YOUR TASK = All of the data is to be printed exactly, though the images must be left off.
== == ==
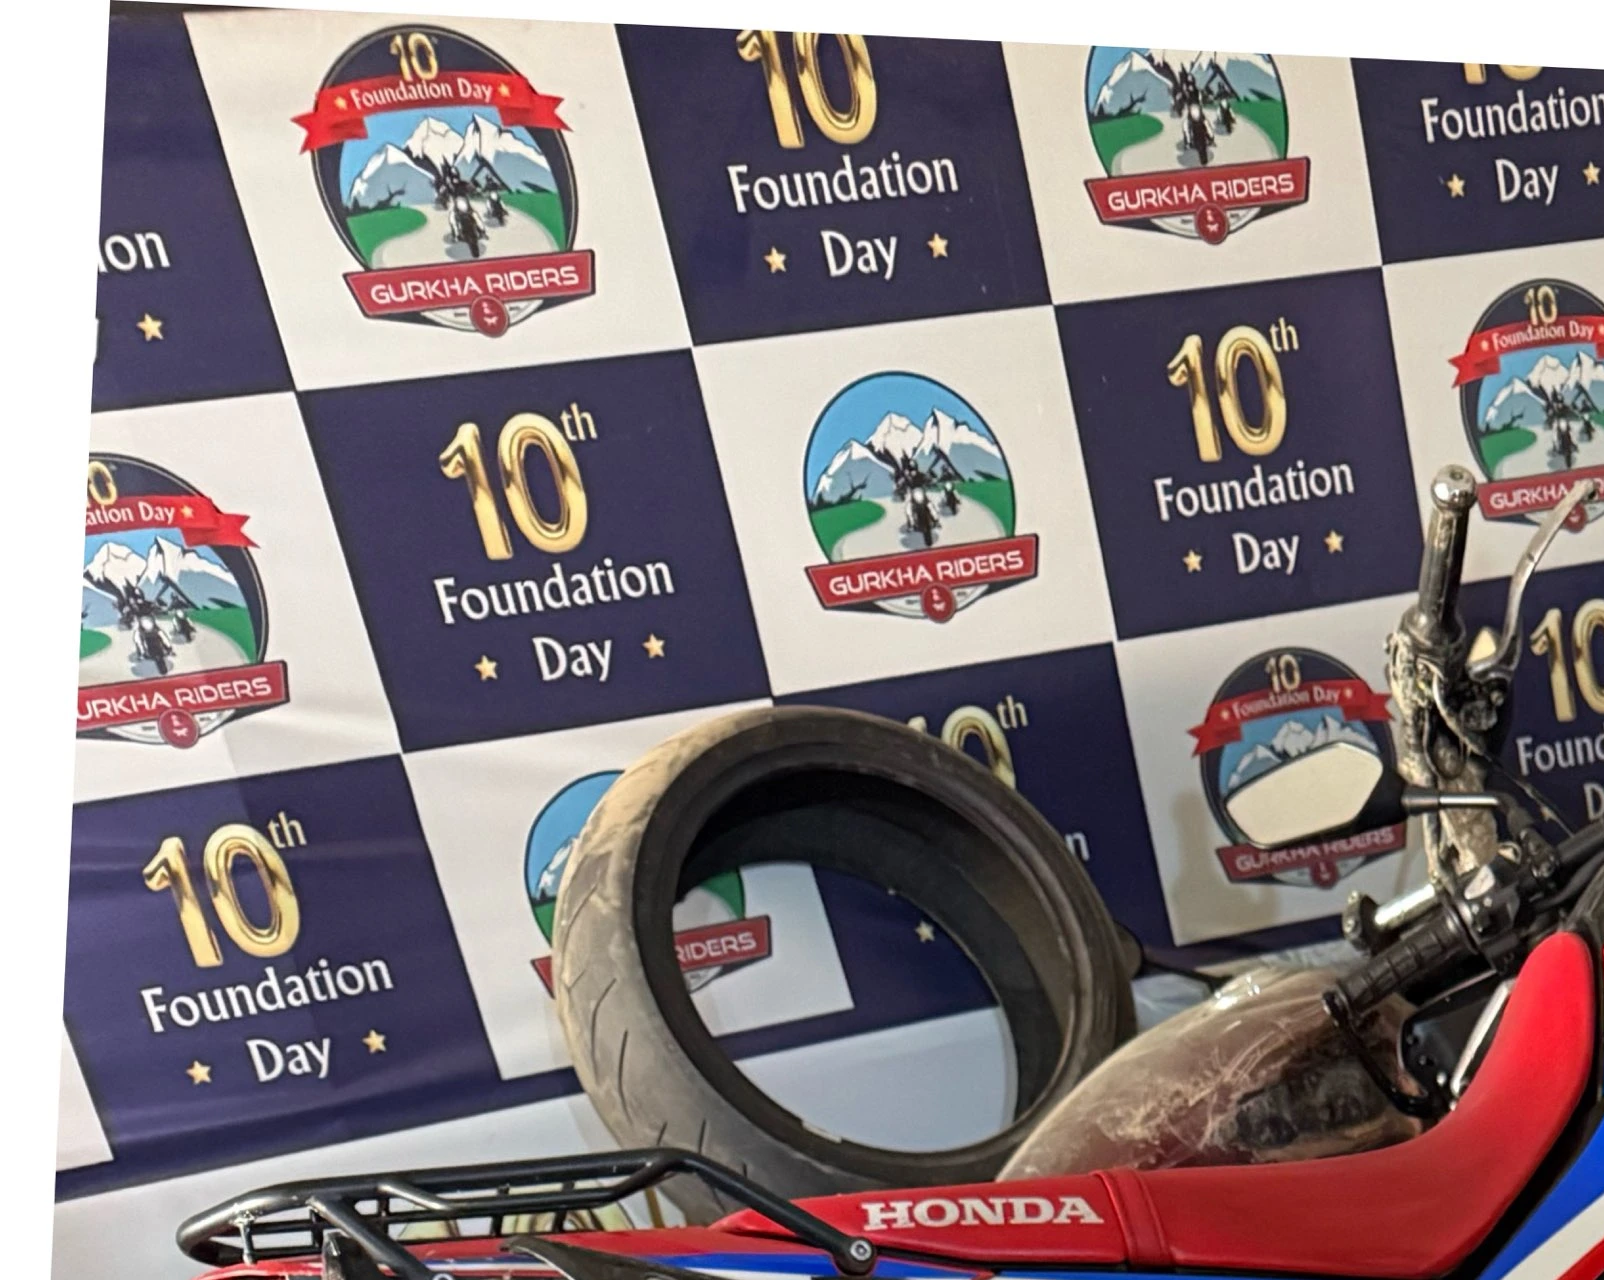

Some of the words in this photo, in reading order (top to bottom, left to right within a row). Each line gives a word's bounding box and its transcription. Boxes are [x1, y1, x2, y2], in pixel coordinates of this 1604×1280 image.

[390, 32, 439, 82] 10
[351, 79, 452, 109] Foundation
[457, 77, 494, 101] Day
[727, 151, 959, 213] Foundation
[1108, 184, 1207, 212] GURKHA
[1211, 173, 1295, 201] RIDERS
[1495, 158, 1559, 206] Day
[820, 229, 897, 281] Day
[370, 276, 481, 305] GURKHA
[486, 265, 580, 294] RIDERS
[1523, 285, 1558, 325] 10
[1492, 325, 1566, 352] Foundation
[1569, 320, 1595, 341] Day
[1166, 316, 1300, 463] 10th
[438, 401, 598, 561] 10th
[1153, 459, 1355, 521] Foundation
[1489, 483, 1569, 510] GURKHA
[138, 500, 176, 525] Day
[829, 564, 932, 596] GURKHA
[937, 550, 1024, 581] RIDERS
[1231, 532, 1300, 575] Day
[433, 557, 675, 625] Foundation
[532, 636, 612, 682] Day
[1265, 653, 1302, 694] 10
[175, 676, 272, 707] RIDERS
[1233, 688, 1311, 720] Foundation
[1313, 684, 1342, 705] Day
[141, 810, 308, 969] 10th
[140, 957, 394, 1034] Foundation
[245, 1036, 332, 1083] Day
[860, 1196, 1105, 1232] HONDA
== == ==
PROBLEM SOLUTION =
Some of the words in this photo, in reading order (top to bottom, left to right within a row). Each line gives a word's bounding box and its transcription. Boxes are [x1, y1, x2, y2], in pixel coordinates of this 1604×1280 image.

[390, 32, 439, 82] 10
[351, 79, 452, 109] Foundation
[457, 77, 494, 101] Day
[727, 151, 959, 213] Foundation
[1108, 184, 1207, 212] GURKHA
[1211, 173, 1295, 201] RIDERS
[1495, 158, 1559, 206] Day
[820, 229, 897, 281] Day
[370, 276, 481, 305] GURKHA
[486, 265, 580, 294] RIDERS
[1523, 285, 1558, 325] 10
[1492, 325, 1566, 352] Foundation
[1569, 320, 1595, 341] Day
[1166, 316, 1300, 463] 10th
[438, 401, 598, 561] 10th
[1153, 459, 1355, 521] Foundation
[1489, 483, 1569, 510] GURKHA
[138, 500, 176, 525] Day
[829, 564, 932, 596] GURKHA
[937, 550, 1024, 581] RIDERS
[1231, 532, 1300, 575] Day
[433, 557, 675, 625] Foundation
[532, 636, 612, 682] Day
[1265, 653, 1302, 694] 10
[175, 676, 272, 707] RIDERS
[1233, 688, 1311, 720] Foundation
[1313, 684, 1342, 705] Day
[141, 810, 308, 969] 10th
[140, 957, 394, 1034] Foundation
[245, 1036, 332, 1083] Day
[860, 1196, 1105, 1232] HONDA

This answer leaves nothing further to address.